Relationship between antiretrovirals used as part of a cART regimen and CD4 cell count increases in patients with suppressed viremia

Abstract

It is unknown if the CD4 cell count response differs according to antiretroviral drugs used in combination antiretroviral therapy (cART) in patients with maximal virological suppression [viral load (VL) < 50 copies/ml]. To compare the change in CD4 cell count over consecutive measurements with VL < 50 copies/ml at both time-points according to nucleoside backbones and other antiretrovirals used.
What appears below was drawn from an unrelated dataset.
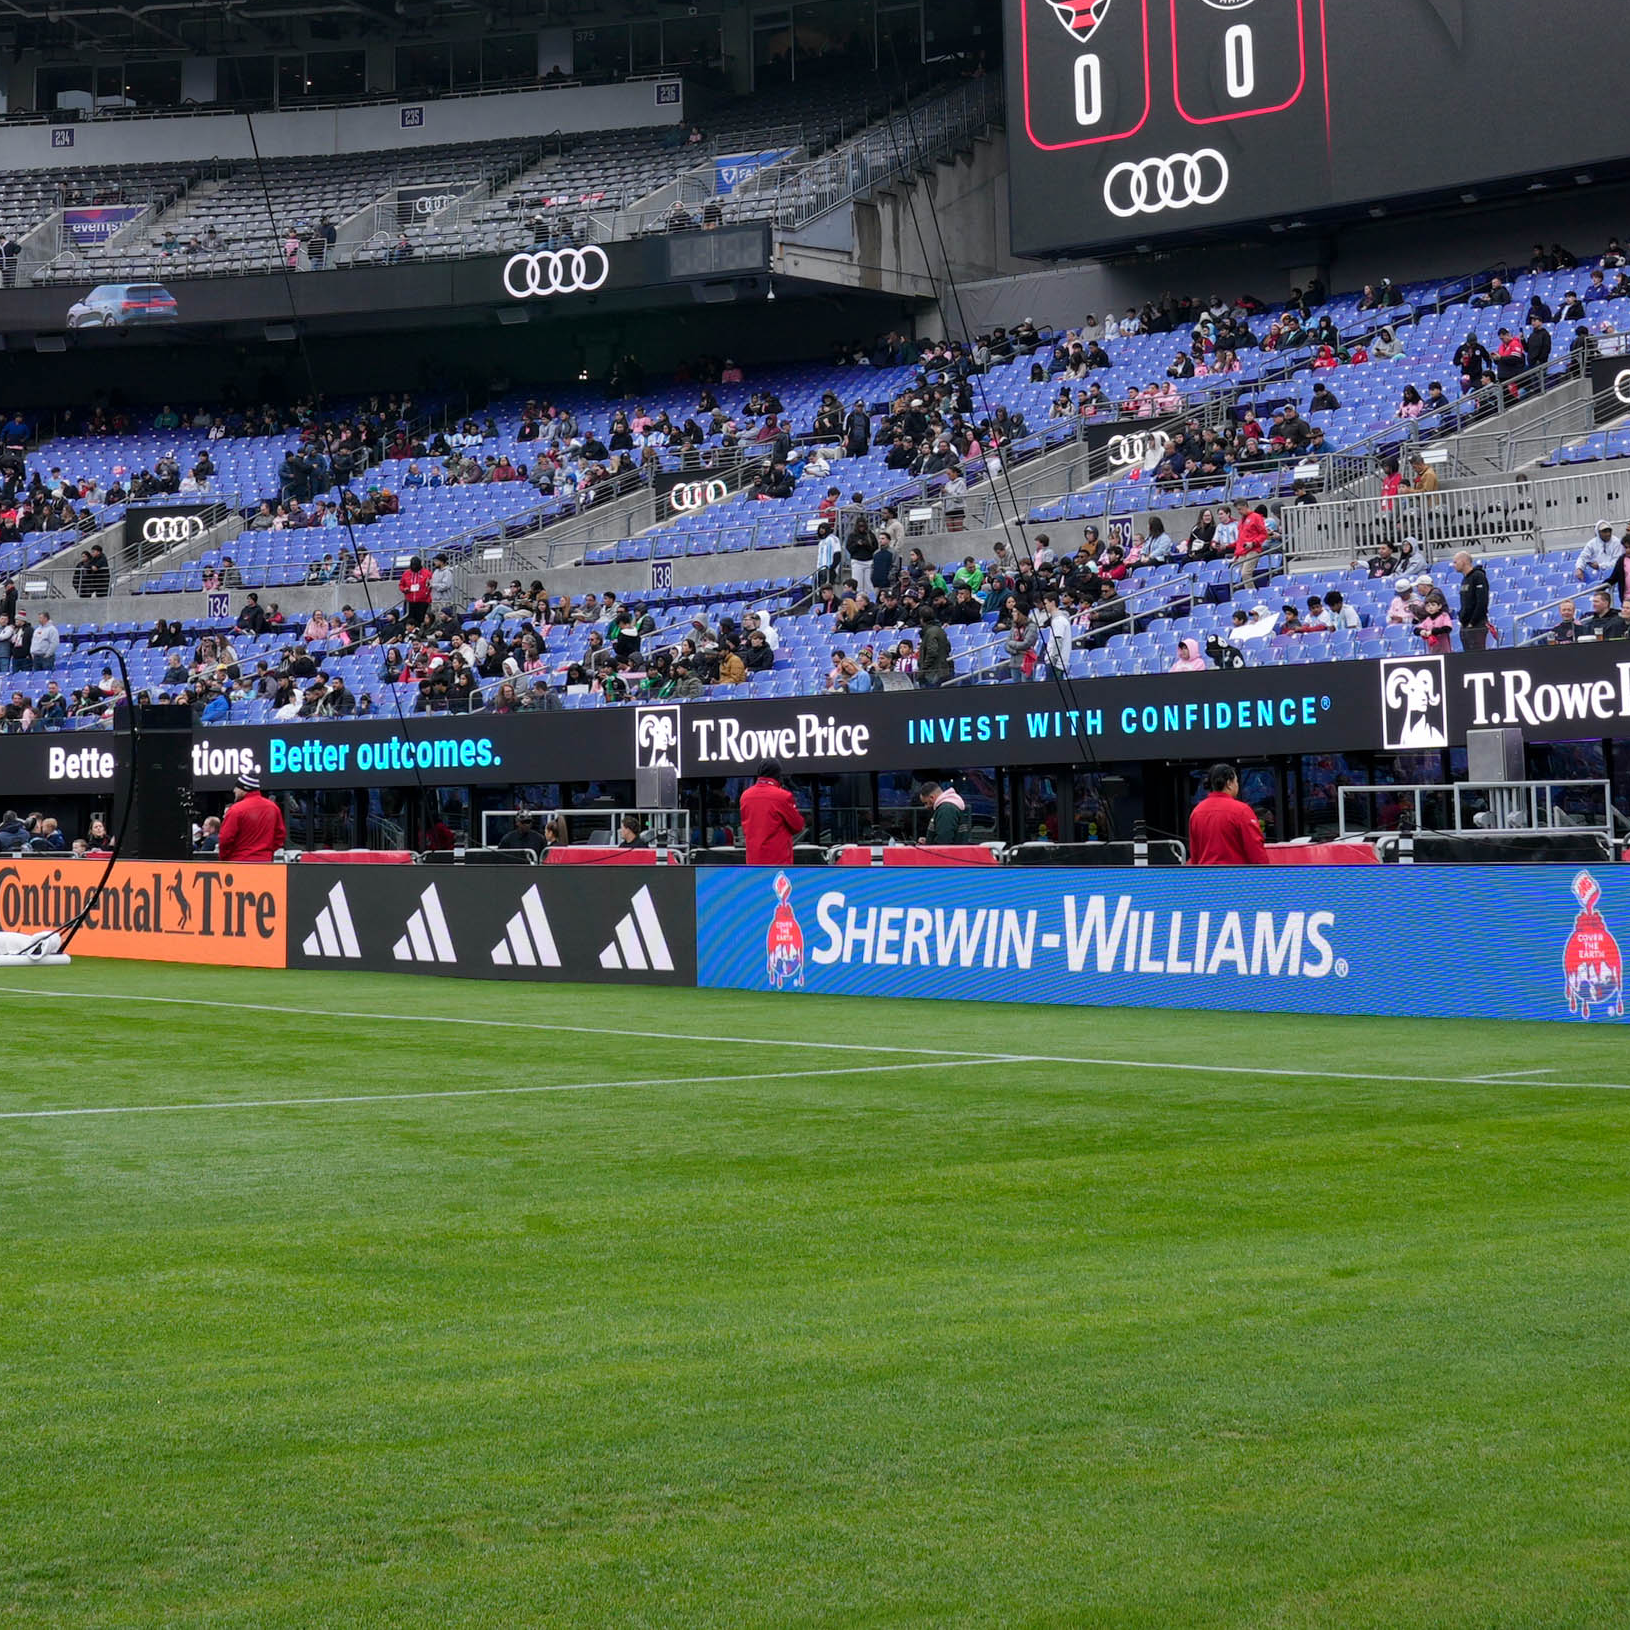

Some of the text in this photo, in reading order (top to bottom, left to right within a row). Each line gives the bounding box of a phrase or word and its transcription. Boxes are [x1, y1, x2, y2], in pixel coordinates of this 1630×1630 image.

Generalized linear models, accounting for multiple measurements within patients, were used to compare CD4 cell count changes after adjustment for antiretrovirals, time from starting cART, age, CD4 at first VL < 50 copies/ml, prior antiretroviral treatment, and change in CD4 cell count since starting cART. We studied 28418 instances of VL < 50 copies/ml in 4041 patients. The mean annual change in CD4 cell count was +45.5/microl [95% confidence interval (CI) +39.4 to +51.6/microl). Comparing two drug nucleoside backbones, there was a lower annual change in CD4 cell count for zidovudine/lamivudine (n = 13038; -15.4/microl; P = 0.012) and for those on tenofovir (n = 1809; -27.3/microl; P = 0.029) compared to lamivudine/stavudine (n = 7339). Compared to the boosted-protease inhibitor regimen (n = 5915), use of an abacavir-based triple-nucleoside regimen was associated with a lower annual change in CD4 cell count (n = 2504 pairs; -26.1/microl; P = 0.011). A nucleoside backbone of zidovudine/lamivudine or any tenofovir-based backbone was associated with significantly poorer increases in CD4 cell count compared to a nucleoside backbone of stavudine/lamivudine, as was an abacavir-based triple nucleoside regimen compared to a boosted protease inhibitor regimen. Long-term studies are needed to determine whether the differences in immunological response seen here translate into differences in the risk of clinical disease.